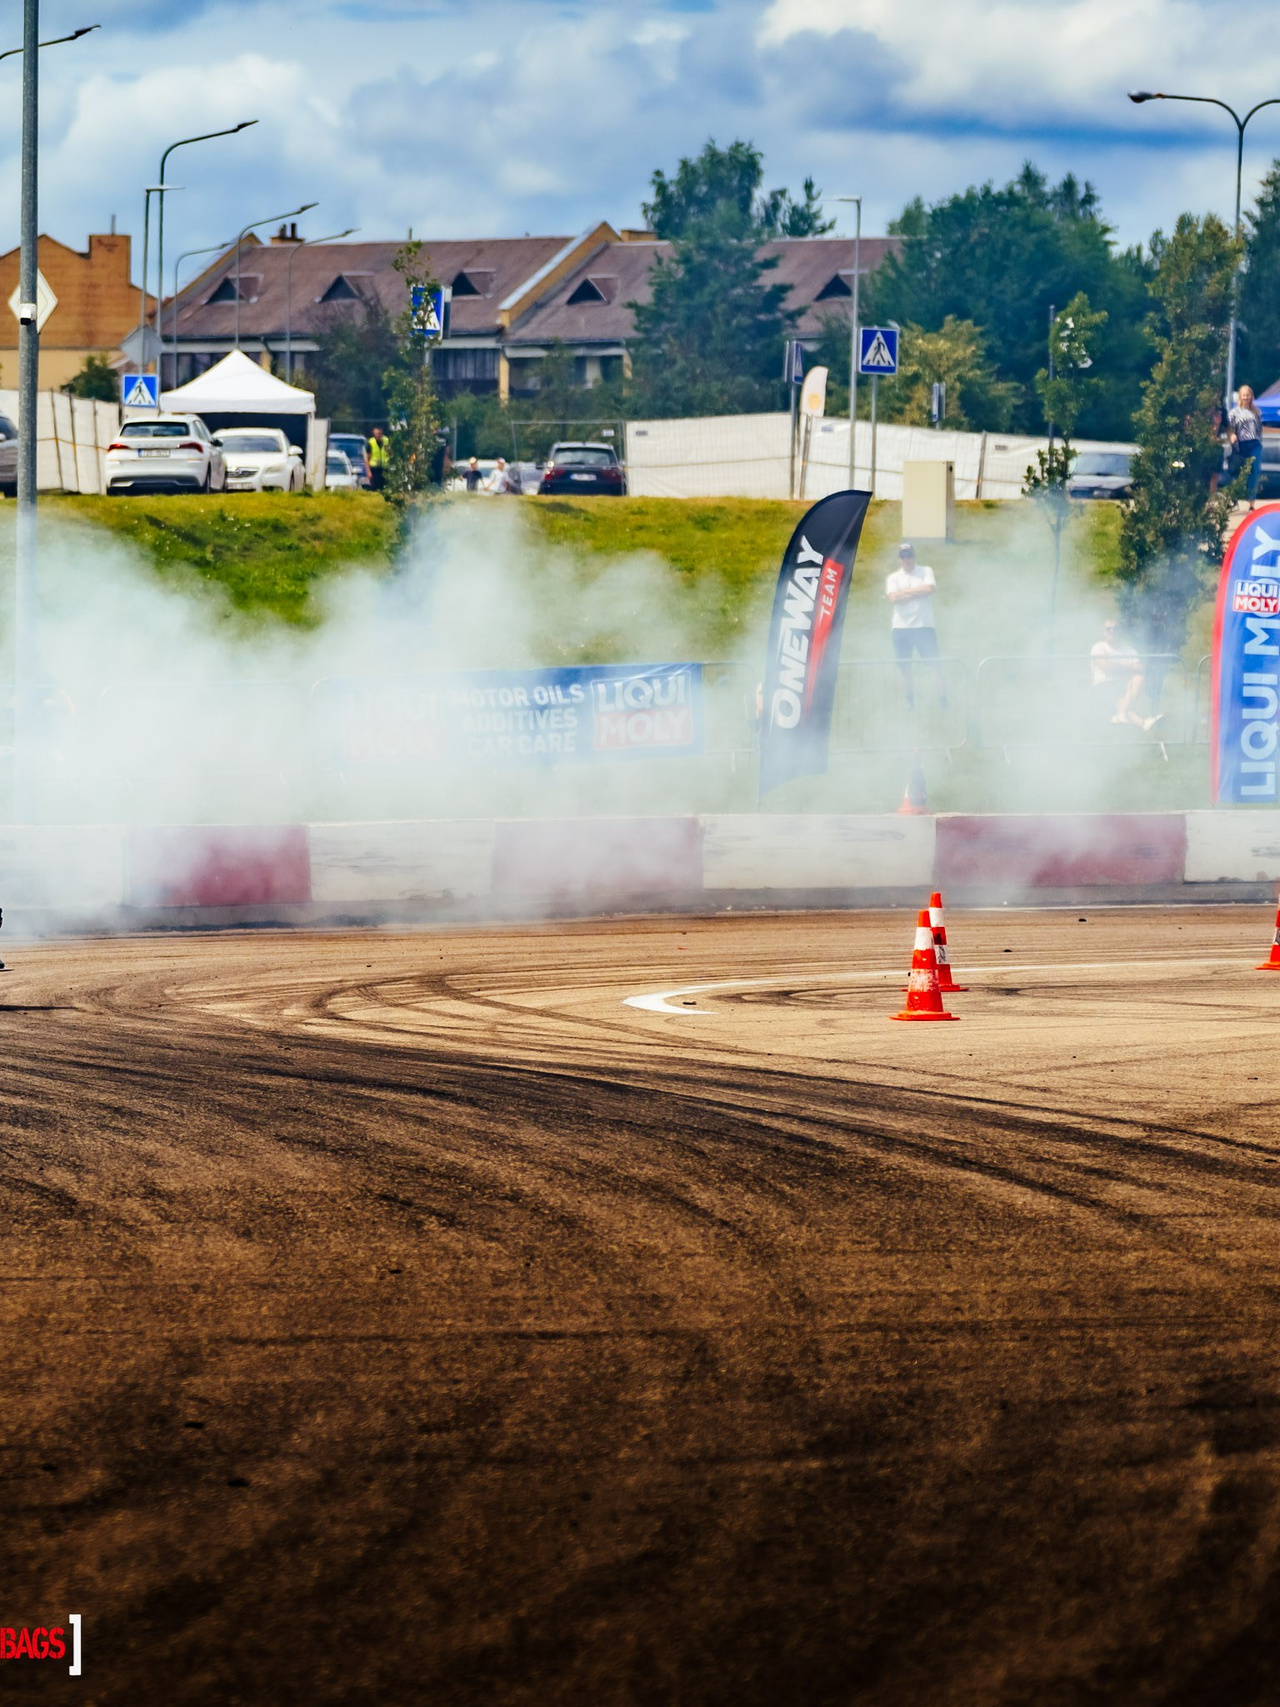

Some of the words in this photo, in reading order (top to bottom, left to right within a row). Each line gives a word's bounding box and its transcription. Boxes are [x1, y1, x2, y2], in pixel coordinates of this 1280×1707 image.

[820, 567, 837, 616] TEAM
[1235, 597, 1278, 612] MOLY
[1237, 582, 1278, 598] LIQUI
[771, 535, 823, 730] ONEWAY
[533, 684, 585, 706] OILS
[597, 675, 686, 711] LIQUI
[464, 708, 579, 733] ADDITIVES
[601, 709, 689, 745] MOLY
[1240, 672, 1280, 796] LIQUI
[519, 732, 577, 754] CARE
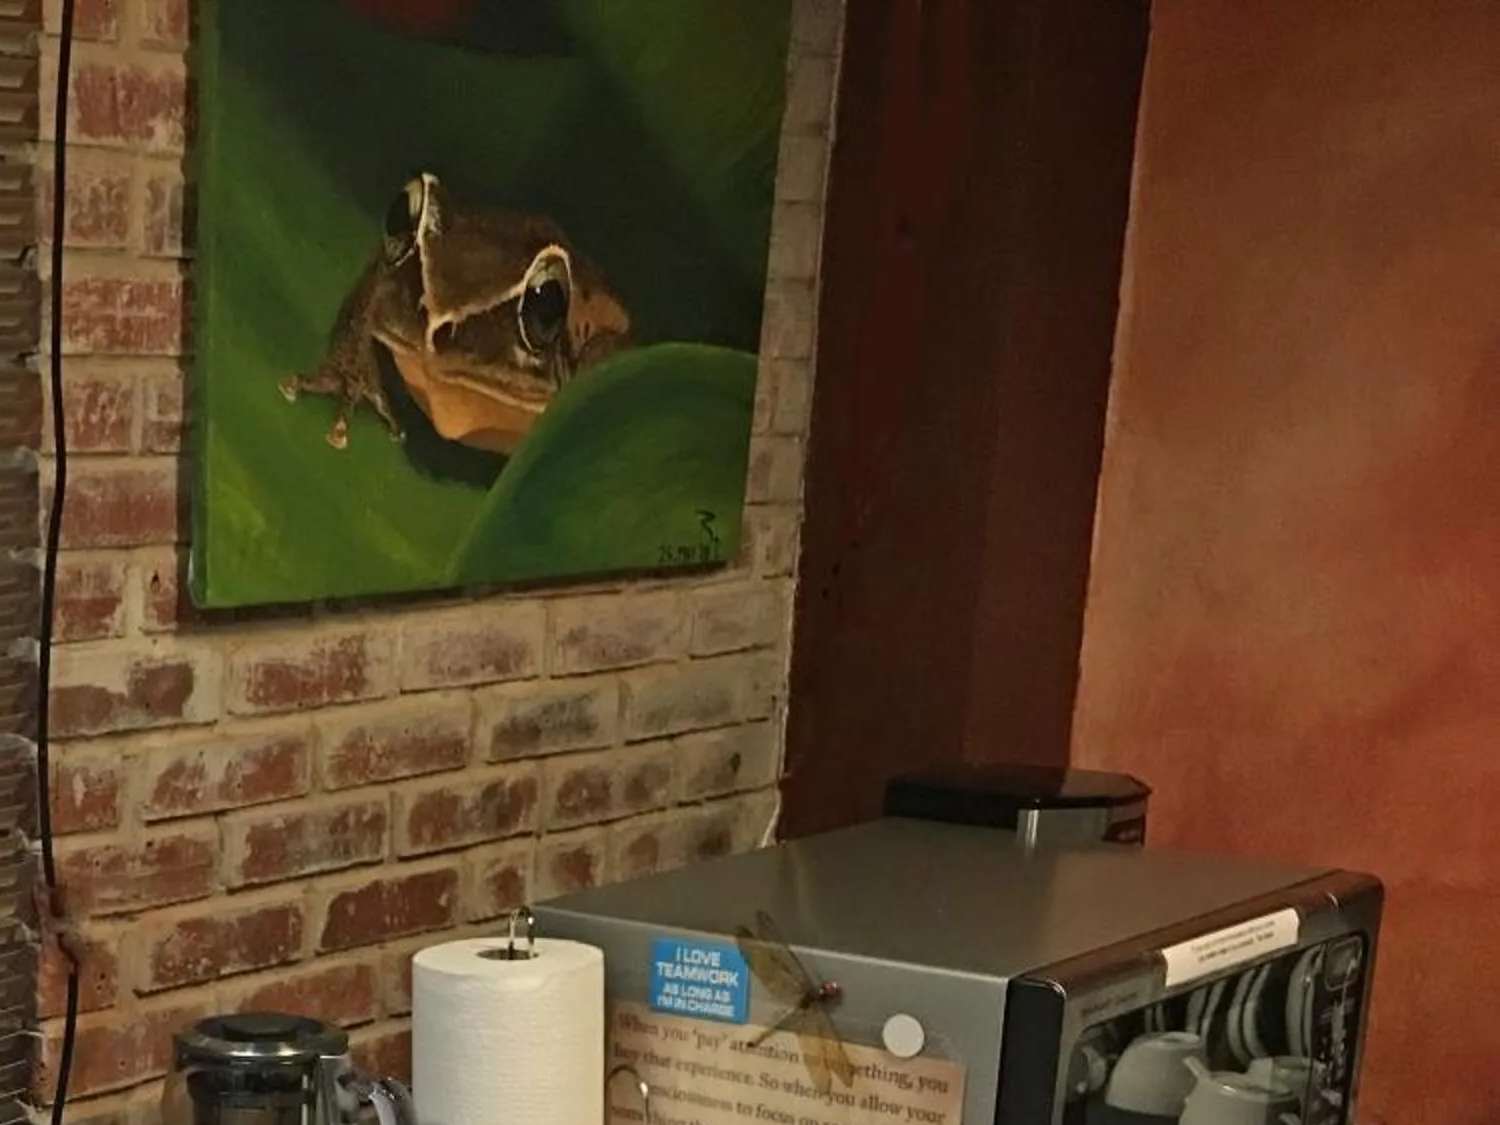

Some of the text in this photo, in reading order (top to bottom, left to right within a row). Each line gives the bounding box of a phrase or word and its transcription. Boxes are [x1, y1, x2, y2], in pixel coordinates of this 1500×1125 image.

[676, 946, 721, 967] I LOVE
[656, 962, 739, 987] TEAMWORK
[662, 983, 731, 1002] AS LONG AS
[661, 1027, 689, 1041] you
[917, 1074, 949, 1094] you
[644, 1052, 672, 1068] that
[759, 1072, 780, 1090] So
[784, 1078, 822, 1098] when
[825, 1091, 855, 1107] you
[860, 1095, 902, 1115] allow
[905, 1105, 947, 1125] your
[736, 1100, 753, 1116] to
[755, 1103, 795, 1124] focus
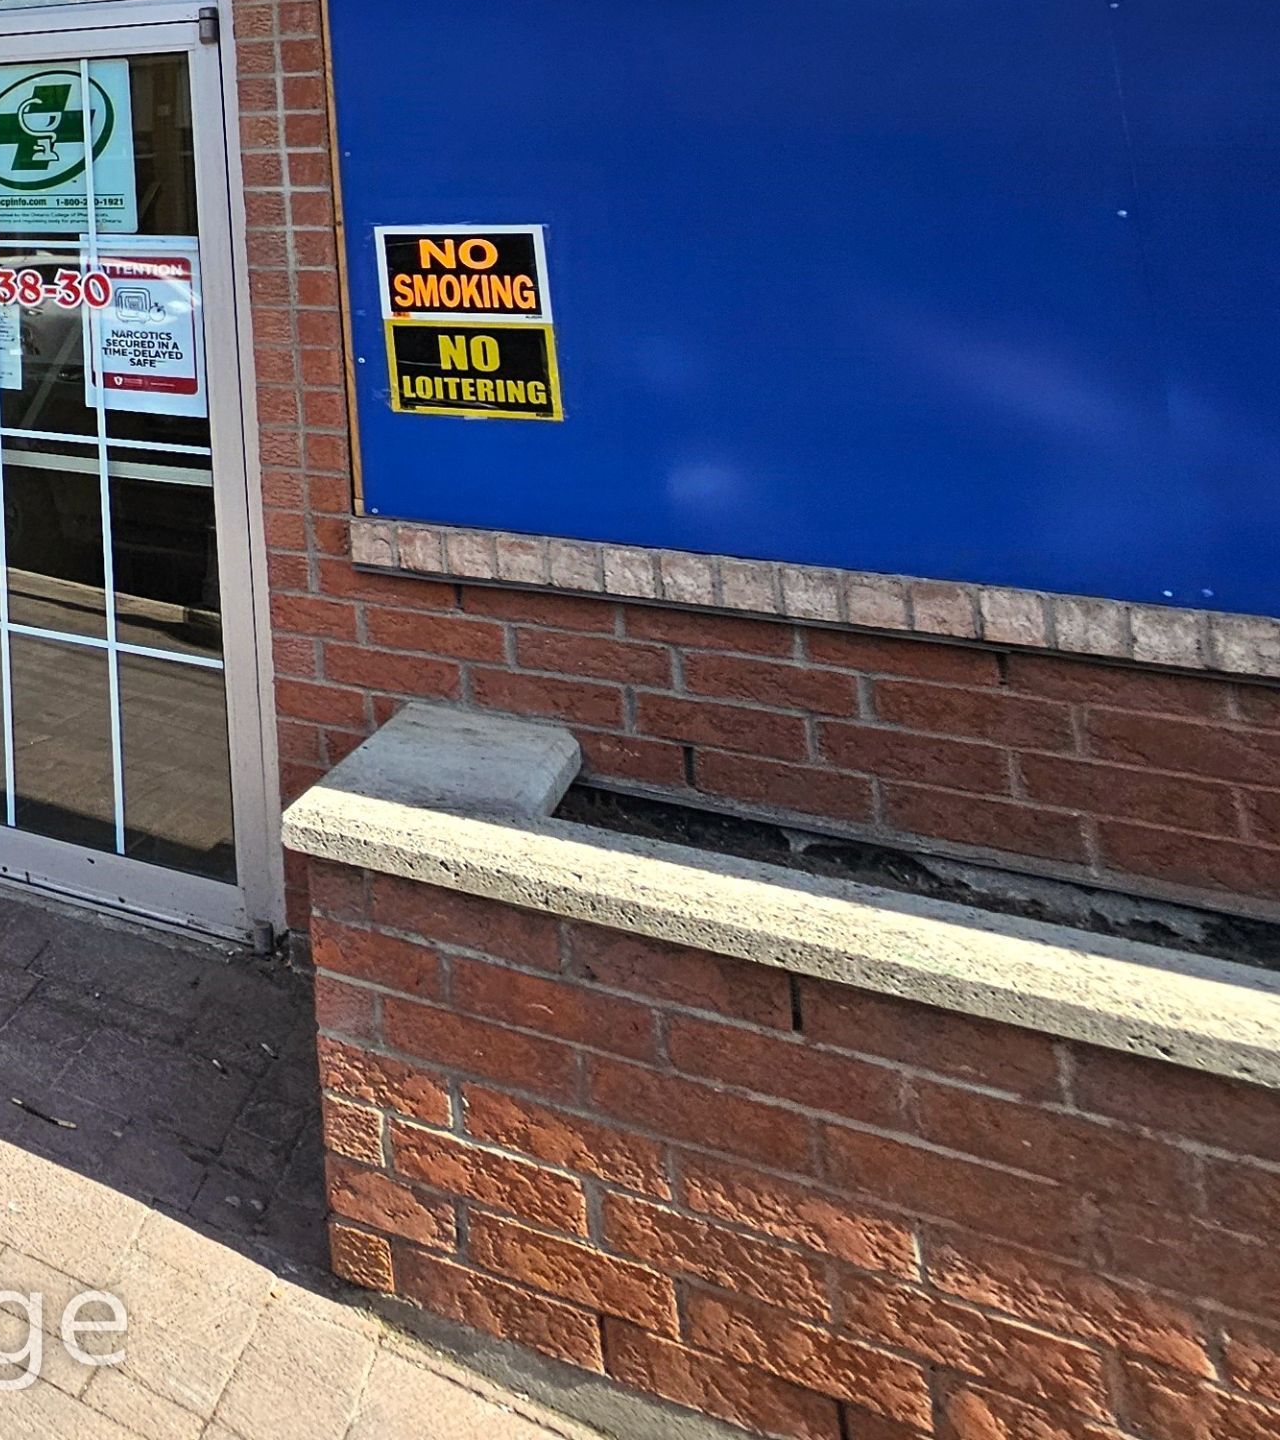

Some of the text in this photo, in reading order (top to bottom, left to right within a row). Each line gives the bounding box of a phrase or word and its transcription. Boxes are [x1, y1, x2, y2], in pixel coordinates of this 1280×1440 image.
_____
Work instruction: Write out exactly the stretch of lines that begins with the line containing "this 1500×1125 image." and ends with the last line of the records above, leaving out the pictures.

Answer to this exercise:
Some of the text in this photo, in reading order (top to bottom, left to right within a row). Each line gives the bounding box of a phrase or word and its transcription. Boxes are [x1, y1, x2, y2], in pixel coordinates of this 1500×1125 image.

[676, 946, 721, 967] I LOVE
[656, 962, 739, 987] TEAMWORK
[662, 983, 731, 1002] AS LONG AS
[661, 1027, 689, 1041] you
[917, 1074, 949, 1094] you
[644, 1052, 672, 1068] that
[759, 1072, 780, 1090] So
[784, 1078, 822, 1098] when
[825, 1091, 855, 1107] you
[860, 1095, 902, 1115] allow
[905, 1105, 947, 1125] your
[736, 1100, 753, 1116] to
[755, 1103, 795, 1124] focus

Some of the text in this photo, in reading order (top to bottom, left to right within a row). Each line gives the bounding box of a phrase or word and its transcription. Boxes are [x1, y1, x2, y2], in pixel coordinates of this 1280×1440 image.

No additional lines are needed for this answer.